Seit dreieinhalb Jahren kämpft die Ukraine gegen die russischen Invasoren an. Sie verteidigt dabei nicht nur ihr Staatsgebiet, sondern auch ihre nationale Identität.
Die Geschichte des Staates Israel bietet eine inspirierende und überzeugende Parallele. Denn auch Israel ist ein Land, das quasi im permanenten Belagerungszustand entstanden ist und doch mit jeder Prüfung stärker ist.
Der moderne Staat Israel wurde 1948 gegründet, wie ein Phönix aus der Asche, nur drei Jahre nach dem Ende der Schoa. Israel sah sich sofort mit der Weigerung seiner arabischen Nachbarn konfrontiert, seine Eigenstaatlichkeit anzuerkennen. Unmittelbar nach der Unabhängigkeitserklärung im Mai 1948 begannen sie einen Krieg, der das Ziel hatte, Israel zu vernichten. In den folgenden Jahrzehnten kamen weitere existenzielle Konflikte hinzu, unter anderem der Sinai-Krieg 1956, den Sechstagekrieg von 1967, der Jom-Kippur-Krieg 1973, eine Reihe von Auseinandersetzungen im Libanon und zuletzt der Gaza-Krieg.

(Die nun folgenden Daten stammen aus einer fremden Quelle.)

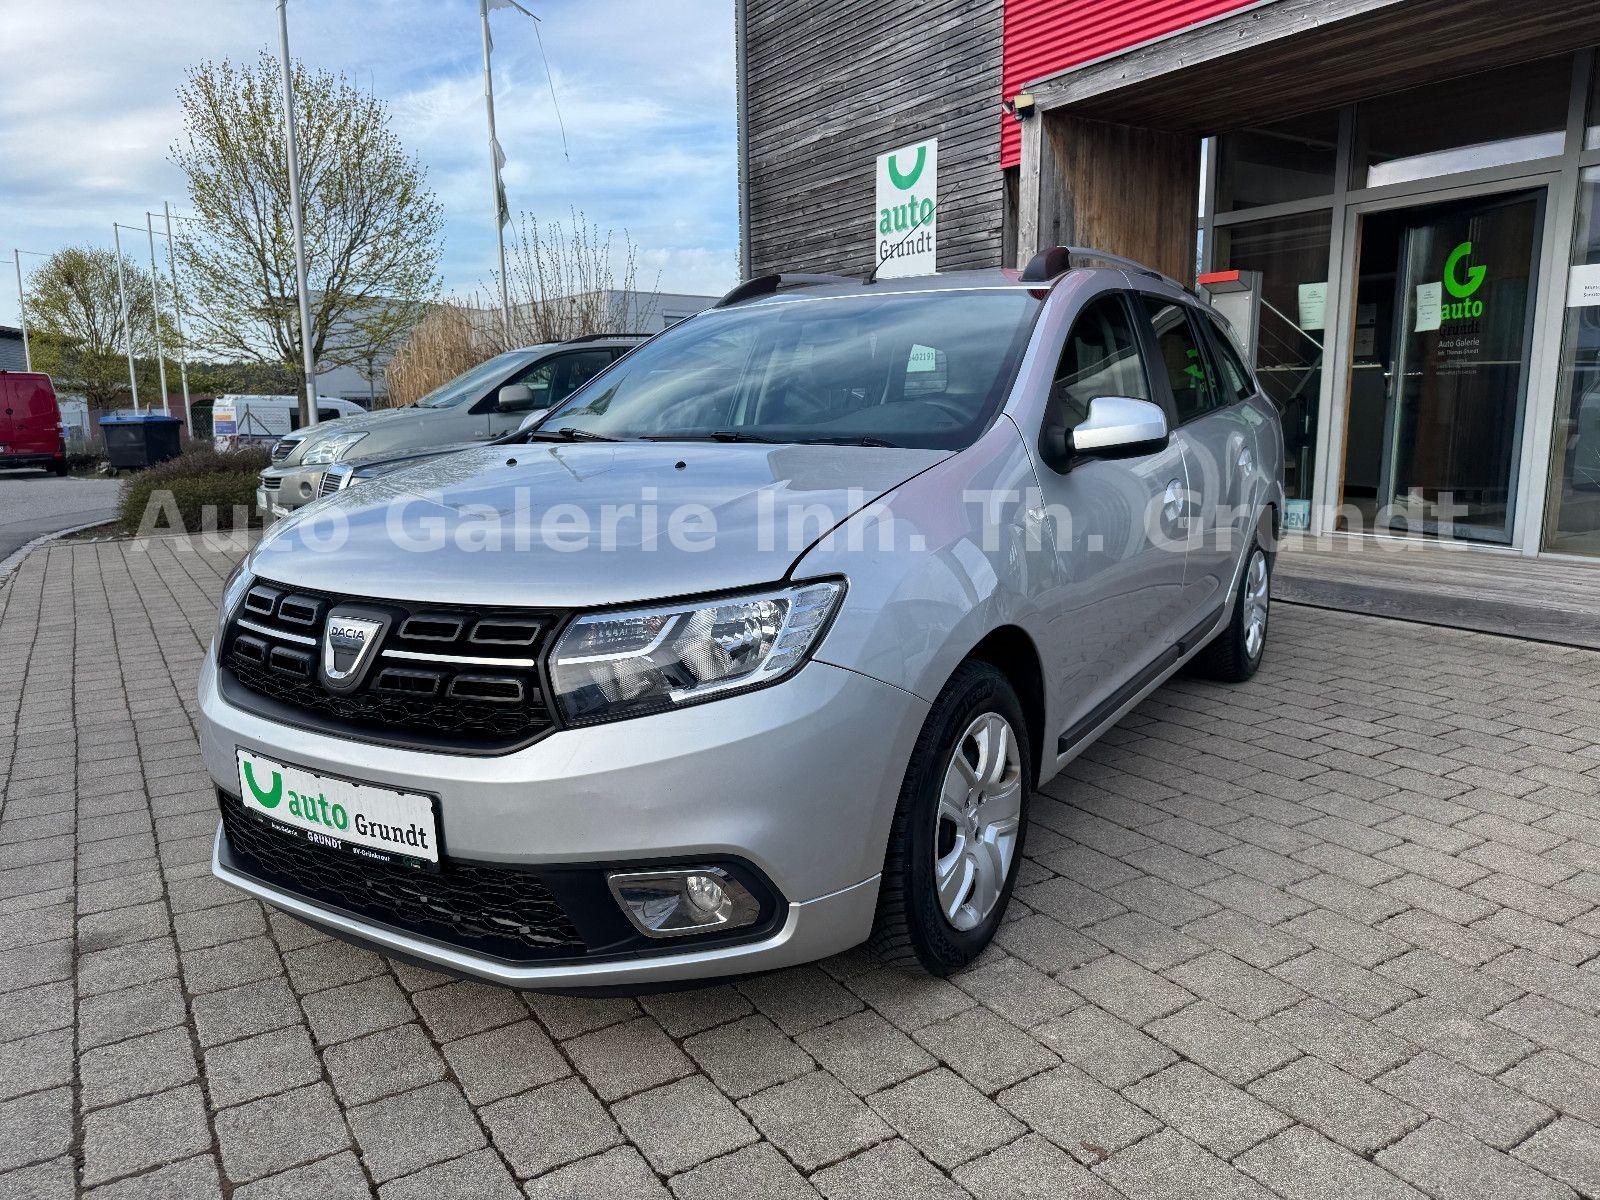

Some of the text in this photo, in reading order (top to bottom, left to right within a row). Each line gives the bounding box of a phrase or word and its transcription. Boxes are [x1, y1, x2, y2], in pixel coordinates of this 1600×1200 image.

[879, 194, 935, 236] auto
[879, 231, 932, 261] Grundt
[1440, 298, 1483, 321] auto
[1438, 337, 1480, 348] Auto Galerie
[331, 626, 365, 640] DACIA
[287, 789, 349, 831] auto
[307, 831, 342, 850] GRUNDT
[355, 813, 429, 849] Grundt

Rasantes Wirtschafts- und Bevölkerungswachstum nach 1948
Trotzdem oder vielleicht gerade deswegen hat Israel überlebt. Mehr noch, es ist zu einer blühenden Nation geworden. Von 1948 bis heute hat sich seine Bevölkerung mehr als verzehnfacht. Sukzessive Einwanderung – erst durch Holocaust-Überlebende, später aus arabischen Ländern vertriebene Juden, schließlich Einwanderer aus Äthiopien, der ehemaligen Sowjetunion und Osteuropa (der Autor war einer von ihnen) – schufen eine vielfältige Gesellschaft, die schnell und immer mehr aufblühte.
Das Bruttoinlandsprodukt Israels pro Kopf stieg von 5000 US-Dollar im Jahr 1948 (nach heutiger Kaufkraft) auf über 40.000 US-Dollar im 2024. Das geschah nicht zuletzt, weil Israel stets in technologischen Fortschritt investierte und 2023 mit 5,6 Prozent des BIP weltweit den ersten Platz bei den Ausgaben für Forschung und Entwicklung einnahm.

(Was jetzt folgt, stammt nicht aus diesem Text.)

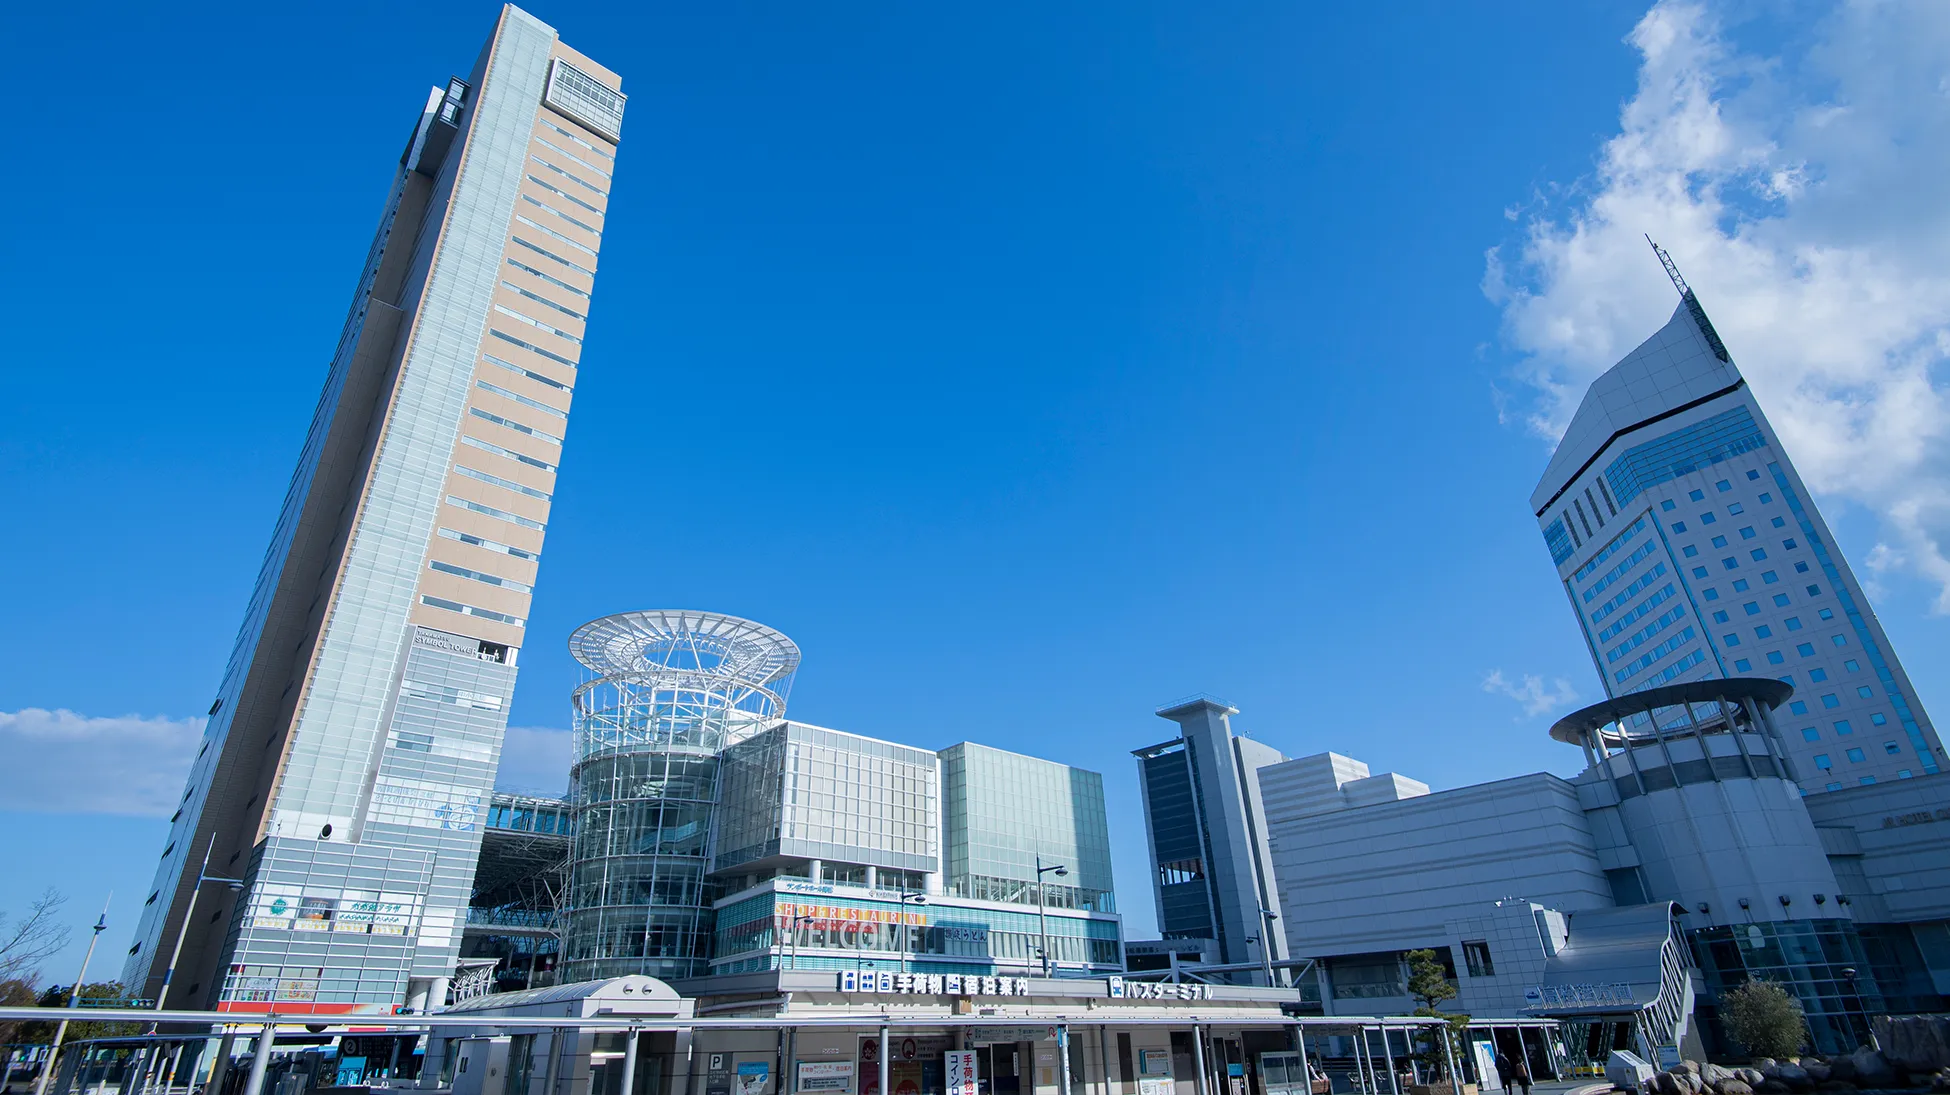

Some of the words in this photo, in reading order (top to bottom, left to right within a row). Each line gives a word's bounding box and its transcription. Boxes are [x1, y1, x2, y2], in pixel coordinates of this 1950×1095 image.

[414, 636, 448, 649] SYMBOL
[449, 643, 478, 657] TOWER
[1895, 812, 1933, 826] HOTEL
[775, 904, 926, 925] SHOP&RESTAURANT
[774, 917, 920, 951] WELCOME
[945, 928, 987, 942] 讃岐うどん
[897, 973, 943, 994] 手荷物
[964, 975, 1028, 996] 宿泊案内
[1125, 981, 1214, 1000] バスターミナル
[347, 1041, 354, 1051] 2
[712, 1056, 721, 1068] P
[950, 1055, 959, 1095] コインロ
[963, 1054, 974, 1095] 手荷物

Mit dem Aufblühen der Innovation reiften auch die demokratischen Institutionen. Es entstand ein widerstandsfähiger Nationalgeist. Diese Entschlossenheit, allen Widrigkeiten zum Trotz zu überleben, kommt vielleicht am besten in den Worten der legendären israelischen Ministerpräsidenten Golda Meir zum Ausdruck: »Wir haben in unserem Krieg mit den Arabern eine Geheimwaffe: Wir haben keine Alternative.« Dieses Gefühl der historischen Unausweichlichkeit, zusammen mit einer Kultur der Bildung, Initiative und kollektiven Verantwortung, trug dazu bei, das zu formen, was viele als den »gestählten Nationalcharakter« Israels ansehen.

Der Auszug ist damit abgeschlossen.